Six nurses from the September set of student nurses of 1966 came together for a reunion at the Chichester Park Hotel.
Memories of experiences were recalled of their three-year training to become State Registered Nurses while enjoying a celebration cake, glass of bubbly and hot tub, followed by a lovely evening meal.
The following day, there was a trip down memory lane for Joanne Walker, Pat Eade, Jean Whittle, Carole Whybrow, May Lin Gosling and Sue Durack, to see the old main hospital on the St Richard’s site, now Stillman House.
Pat said: “The chapel door from the Royal West Sussex Hospital set against the wall in the corridor of St Richard’s Hospital evoked many memories.
“Behind the long wall in Spitalfield Lane, now Bishops Gate, was Nightingale House, the nurses home for the Preliminary Training School (PTS) students.

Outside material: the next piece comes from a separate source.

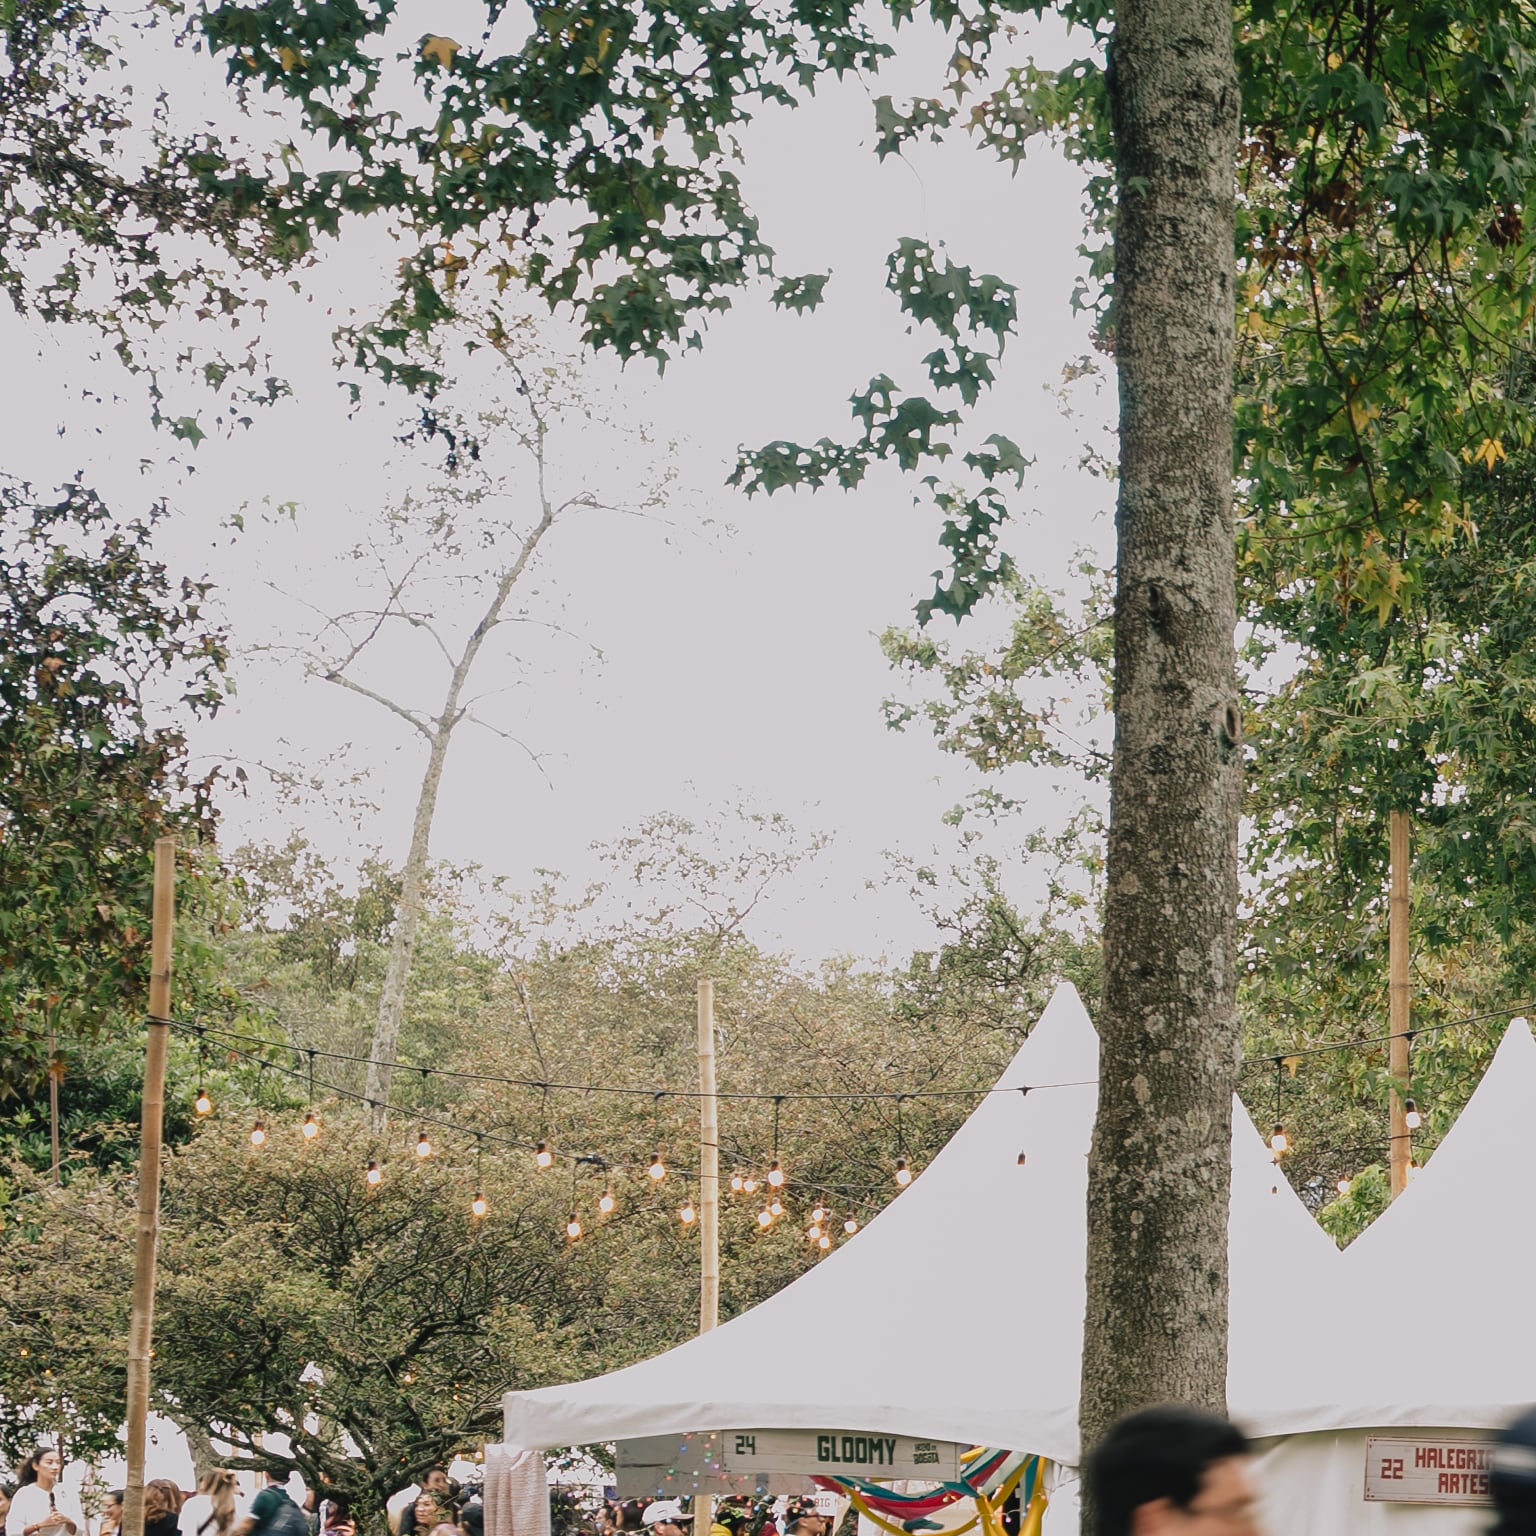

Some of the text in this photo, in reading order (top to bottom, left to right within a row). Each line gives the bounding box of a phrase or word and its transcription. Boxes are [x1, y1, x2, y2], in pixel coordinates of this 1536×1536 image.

[735, 1435, 756, 1455] 24
[817, 1435, 896, 1465] GLOOMY
[1381, 1459, 1404, 1479] 22

“We wore noticeable daffodil yellow uniforms while in PTS. The School of Nursing and Isolation Hospital were also on this site.
“Onwards over to Broyle Road and Forbes Place, formerly the Royal West Sussex Hospital. We were greeted by three residents, Mo, Barbara and Joan, who made us very welcome.”

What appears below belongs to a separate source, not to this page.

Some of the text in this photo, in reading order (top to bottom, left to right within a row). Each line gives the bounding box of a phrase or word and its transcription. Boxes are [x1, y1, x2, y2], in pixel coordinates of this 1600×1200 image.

In the entrance hall, there are several pictures of the old hospital and the former nurses were able to climb the lovely winding staircase and walked the corridors again.

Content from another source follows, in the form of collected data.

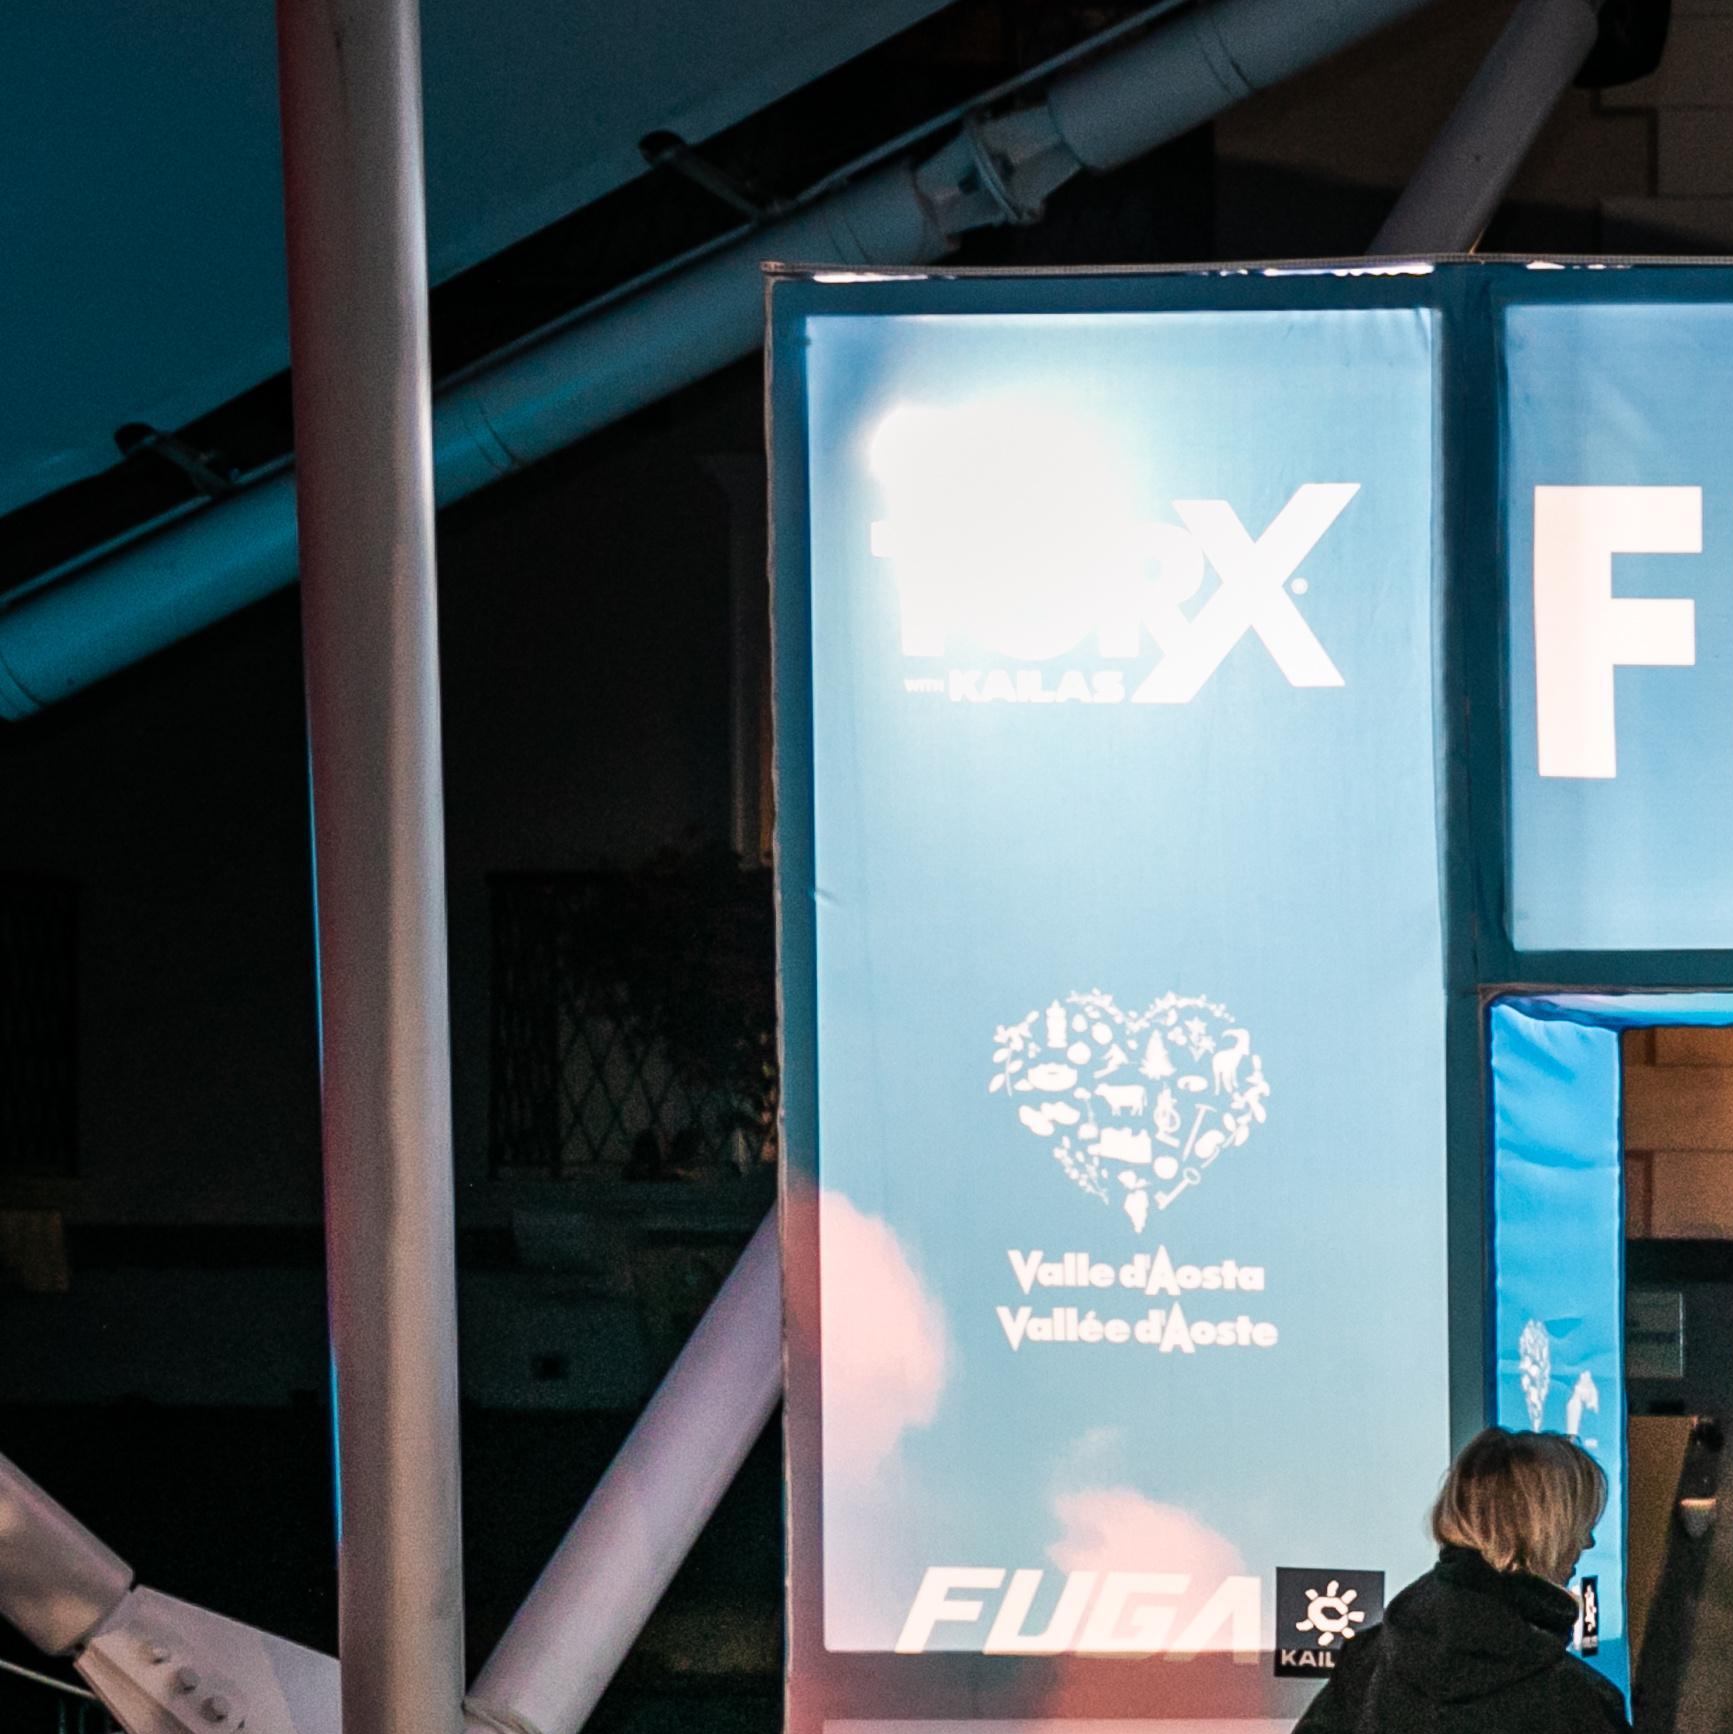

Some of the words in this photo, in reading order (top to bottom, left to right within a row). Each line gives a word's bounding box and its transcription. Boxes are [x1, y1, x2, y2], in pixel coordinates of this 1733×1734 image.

[871, 483, 1361, 703] RX
[948, 670, 1125, 704] KAILAS
[1008, 1249, 1115, 1295] Valle
[1118, 1245, 1266, 1296] d'Aosta
[996, 1306, 1131, 1352] Vallée
[1134, 1302, 1279, 1354] d'Aoste
[895, 1566, 1263, 1665] FUGA
[1281, 1648, 1336, 1669] KAIL

Two women allowed the group access to their apartments and they were interested to hear stories of the history of the building and layout as wards.
Pat recalled interviews with Matron Rice, wearing her lace cap with bow under her chin in her imposing office.
The rooms for first-year student nurses were on the top floor of the hospital. The doors were locked at 10pm.
“We were allowed a late night pass until 11pm once a week. We were in trouble with night sister if we were caught creeping in after this time,” said Pat.
The blocks of education at the school of nursing meant the friends could all get together, as half the cohort was assigned to work clinically at the Royal West Sussex Hospital and the other half at St Richard’s Hospital, with a change over at mid course.
Three months of each year were spent on night duty, when they nurses lived in a lovely old red brick building further up Broyle Road, called Herondean. Transport was provided by a blue Bedford van.
Pat said: “We worked a 42-hour week and had several split shifts, having a break from 2pm to 5pm in a 7.30am to 8.30pm shift. Pay was £24 a month, of which £13 was deducted for board and lodging.
“We all have many happy and sad memories, the patients, the team of tutors, clinical tutors and consultants who ensured that we met our range of experience and standards, with practice assessments and educational knowledge.
“The staff that scared or inspired us for our future careers in nursing. May Lin and Pat are still nursing today for the NHS.”